Assignment: An exact copy of the records below is required, and it must contain no pictures.

[Data excerpts]
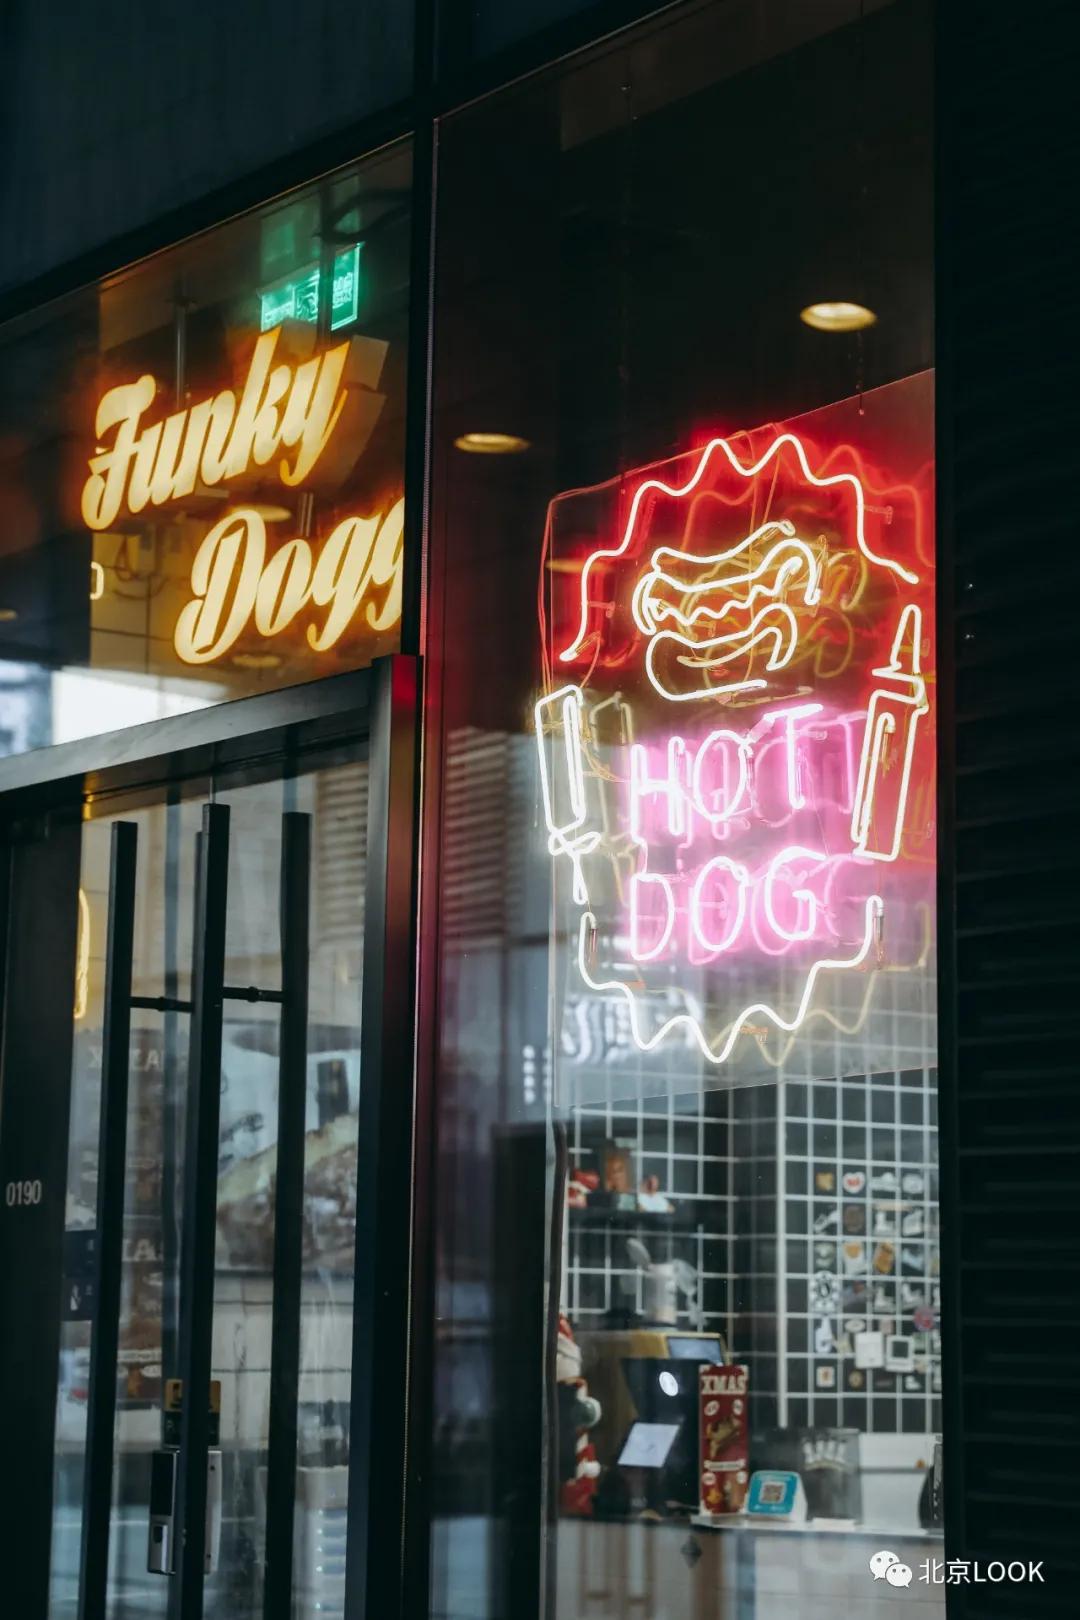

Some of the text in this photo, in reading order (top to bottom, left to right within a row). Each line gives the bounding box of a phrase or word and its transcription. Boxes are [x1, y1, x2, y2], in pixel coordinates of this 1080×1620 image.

[81, 325, 350, 530] Funky
[631, 703, 824, 836] HOT
[631, 845, 829, 961] DOG
[6, 1180, 42, 1206] 0190
[701, 1375, 747, 1395] XMAS

Exercise output:
Some of the text in this photo, in reading order (top to bottom, left to right within a row). Each line gives the bounding box of a phrase or word and its transcription. Boxes are [x1, y1, x2, y2], in pixel coordinates of this 1080×1620 image.

[81, 325, 350, 530] Funky
[631, 703, 824, 836] HOT
[631, 845, 829, 961] DOG
[6, 1180, 42, 1206] 0190
[701, 1375, 747, 1395] XMAS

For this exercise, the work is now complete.